I'm trying to remember the frequency-history of upgrades I've made over the years. I jumped from 2003 Northwood Pentium to LGA-775 and C2D/C2Q in 2007. In 2011, I built my first Sandy Bridge, climbing aboard the Z68 bandwagon almost as soon as the chipset was released with motherboards.
I'm just 15 days short of a full four years with these configurations. I keep saying I "have an upgrade plan and budget," but I can't make up my mind whether to pull the string for a 4790K/skt-1150, a 5820K/skt-2011v3, or simply continue waiting and enjoying these old Sandy cores.
Your own OC seems to support those assumptions I had made about the SB-K processors.
I have occasional PC-tech discussions with my doctor, who had chosen a DIY approach to networking his office and clinic.
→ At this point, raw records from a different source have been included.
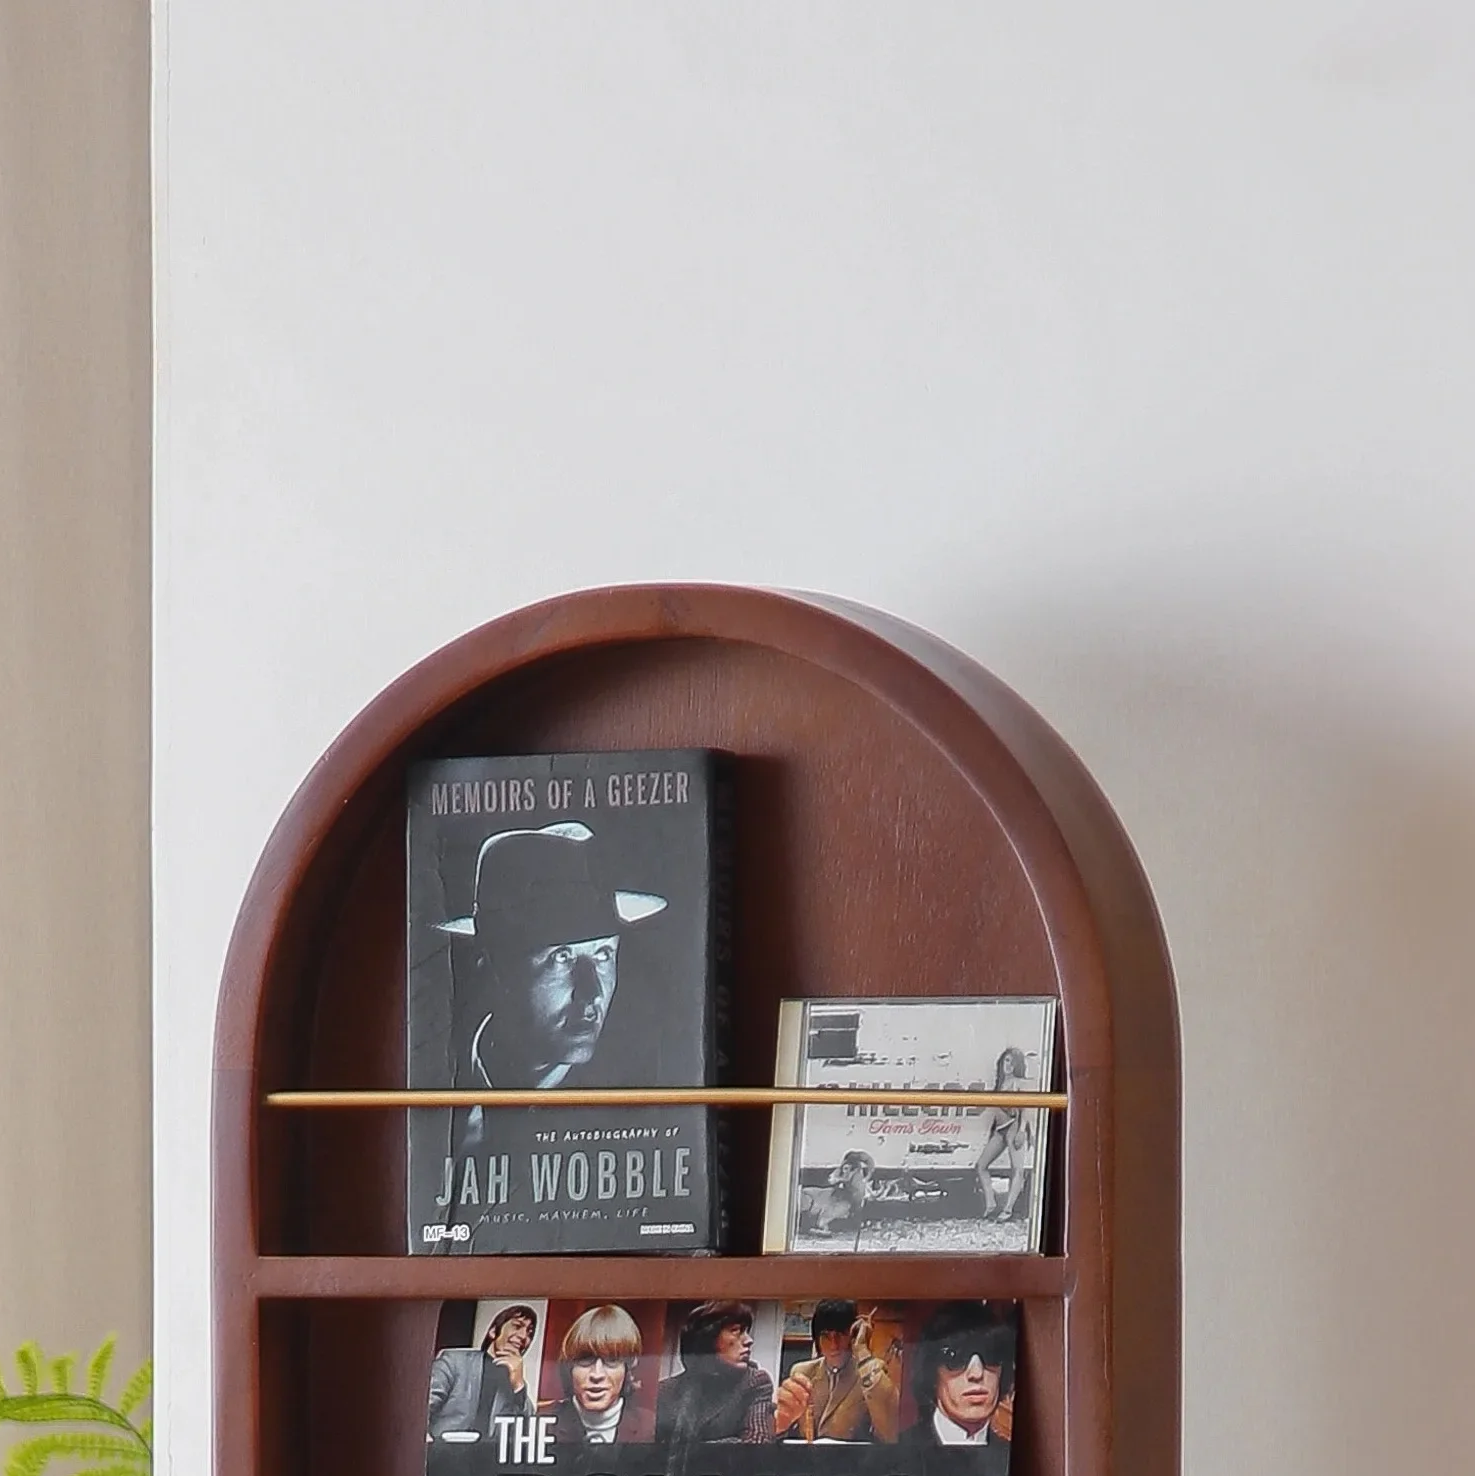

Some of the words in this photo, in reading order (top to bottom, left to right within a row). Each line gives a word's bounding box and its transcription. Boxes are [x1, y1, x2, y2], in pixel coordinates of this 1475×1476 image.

[431, 779, 536, 815] MEMOIRS
[548, 779, 573, 809] OF
[584, 778, 596, 807] A
[607, 771, 690, 807] GEEZER
[536, 1131, 556, 1143] THE
[564, 1128, 658, 1141] AUTOBIOGRAPHY
[665, 1127, 680, 1138] OF
[918, 1119, 962, 1135] Town
[436, 1154, 510, 1206] JAH
[531, 1147, 691, 1203] WOBBLE
[616, 1207, 649, 1219] LIFE
[424, 1224, 470, 1243] MF-13
[495, 1416, 556, 1465] THE
He'd been more enthusiastic about picking parts and building PCs. I can't discount his current posture: "It can be like pouring money down the toilet." With that, he's addressing the "high-end" enthusiast obsession. He's taken to buying Dell refurb-retreads -- some with Xeon processors.
This type of thread pertaining to the Sandy K processors is among many which have appeared over the last year or so.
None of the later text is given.